Regulatory processes already in place for emerging health threats can be adapted as necessary in order to grant marketing authorization for safe, effective, high-quality COVID-19 vaccines as soon as possible. For example, in Europe, building on experience during the 2009 pandemic of H1N1 influenza, a pandemic task force has been established for rapid approval of vaccines for which there is sound scientific evidence. This task force will rapidly provide the European Medicines Agency (EMA) with scientific advice on the design of clinical trials, agreement on paediatric investigation plans, 15-day rolling reviews of emerging data and accelerated assessment of applications for marketing authorization. The EMA is in contact with over 50 prospective vaccine manufacturers and laboratories seeking information about the criteria for and conduct of COVID-19 clinical trials.

The current guidance and format of the risk management plan in the European Union will be maintained. In addition to routine post-licensure surveillance, other studies and enhanced safety surveillance by vaccine manufacturers may be required, including active follow-up of vaccinated people, enhanced passive surveillance (through rapid estimation of vaccine usage and facilitation of passive reporting by patients and physicians, data mining and use of electronic health records) and formal phase IV (post-marketing) studies. Lists of AESI and age-specific background rates will be necessary and also standard definitions and MedDRA terms, which should be internationally agreed. At present, however, it will be difficult to prepare a core risk management plan in view of the uncertainty about the new vaccines and their safety profiles. Rapid publication of a summary of the risk management plans associated with vaccines approved by regulatory authorities will be helpful.

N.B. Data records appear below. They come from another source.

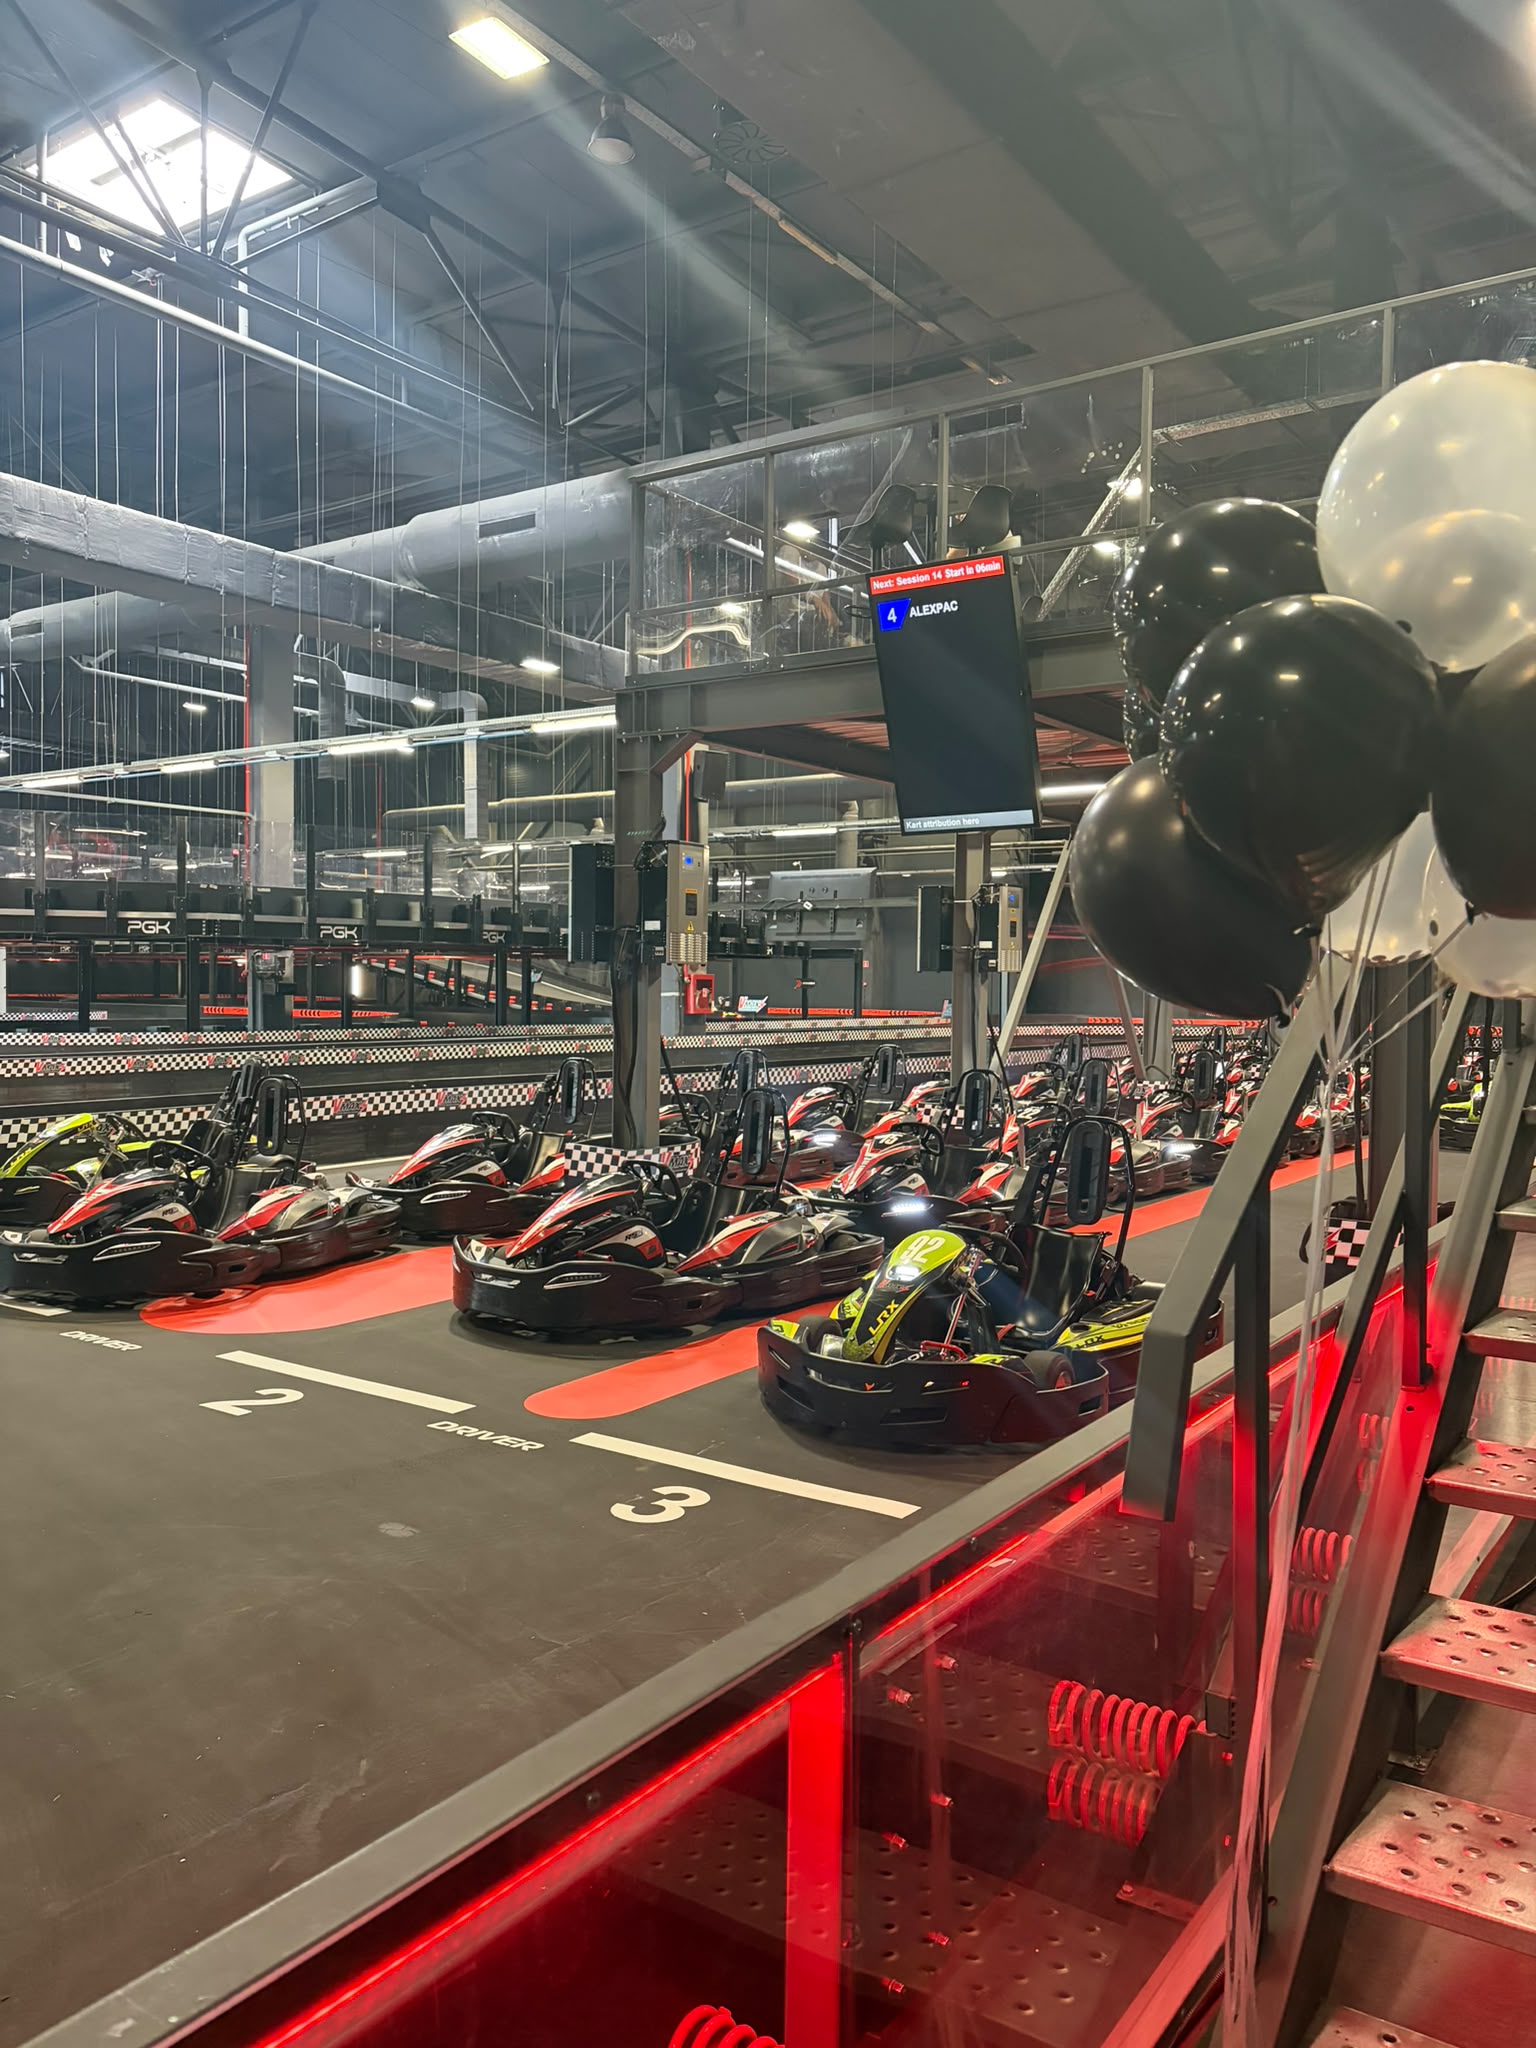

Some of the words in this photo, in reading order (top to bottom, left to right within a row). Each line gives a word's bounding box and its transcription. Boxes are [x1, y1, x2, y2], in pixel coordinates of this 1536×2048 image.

[873, 579, 895, 590] Next:
[896, 573, 930, 586] Session
[932, 570, 942, 580] 14
[944, 567, 965, 579] Start
[966, 565, 974, 576] in
[975, 560, 1001, 575] 06min
[887, 607, 898, 623] 4
[909, 600, 959, 618] ALEXPAC
[905, 821, 922, 829] Kart
[923, 818, 961, 828] attribution
[962, 817, 980, 826] here
[127, 920, 171, 935] PGK
[319, 925, 358, 939] PGK
[900, 1235, 946, 1265] 92
[868, 1299, 900, 1336] LRX
[59, 1330, 143, 1351] DRIVER
[199, 1388, 304, 1416] 2
[426, 1420, 545, 1451] DRIVER
[610, 1485, 711, 1524] 3
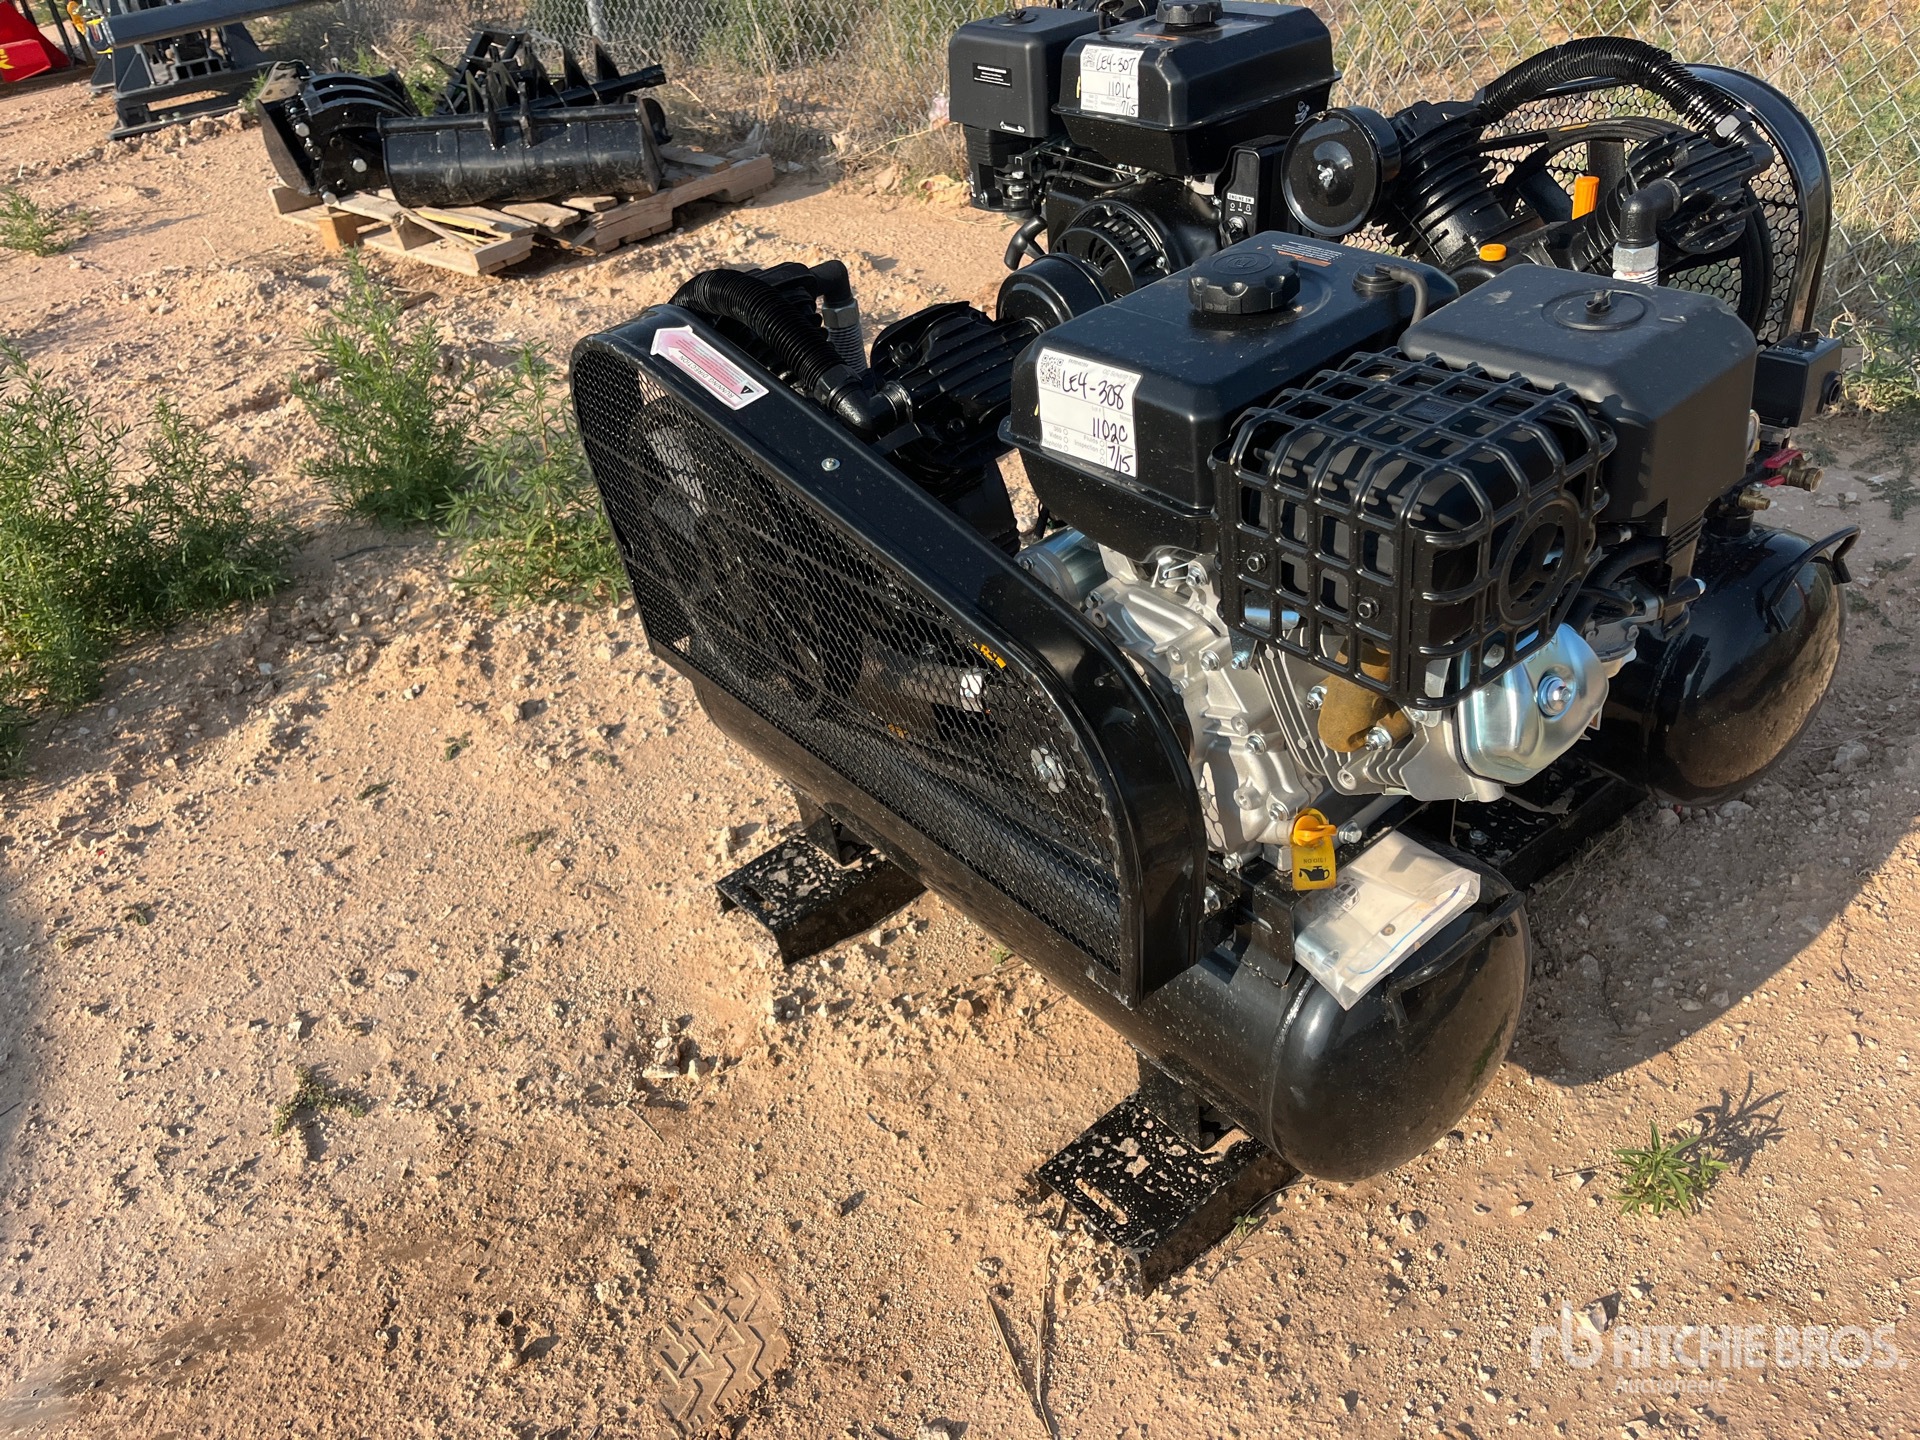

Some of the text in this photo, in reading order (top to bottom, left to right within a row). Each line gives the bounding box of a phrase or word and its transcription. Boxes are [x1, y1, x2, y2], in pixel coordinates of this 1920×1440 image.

[1096, 53, 1136, 76] LE4-307
[1121, 100, 1138, 116] 7/15
[680, 355, 709, 379] DIRECTION
[708, 378, 734, 398] RUNNING
[1062, 370, 1126, 410] LE4-308
[1108, 446, 1133, 473] 7/15

Pharmacovigilance will be tailored to emerging information and data from clinical trials. Signal management is particularly important given the expected sharp rise in reports of adverse events. This will include shortened reporting timelines and semi-automated signal detection methods. Rapid investigation of and response to safety issues and rapid communication of the results will be essential. Expedited summary safety reports from vaccine manufacturers to national and regional regulatory authorities such as EMA, with a simplified, standardized format, could focus on AESI and serious unlisted adverse drug reactions and track vaccine distribution by brand name, batch number and patient characteristics. National authorities may, however, be better placed than European authorities or vaccine manufacturers to track vaccine distribution by brand and batch number, for instance with the new 2-dimensional barcode system. Other national measures could include vaccination registers and traceability systems for vaccines. The Emerging Safety Issue notification system is being reinforced.

The aim of a vaccine monitoring project (vACcine Covid-19 monitoring readineSS – ACCESS), funded by EMA and launched in May 2020, is to generate background rates of AESI, write a series of protocols for prospective and retrospective monitoring of safety and effectiveness and identify a European network of data sources for continuous monitoring of the coverage, safety and effectiveness of COVID-19 vaccines. The International Coalition of Medicines Regulatory Agencies (ICMRA) will initiate a number of collaborations, including a study on the natural history of COVID-19 in pregnancy, pregnancy outcomes and neonates.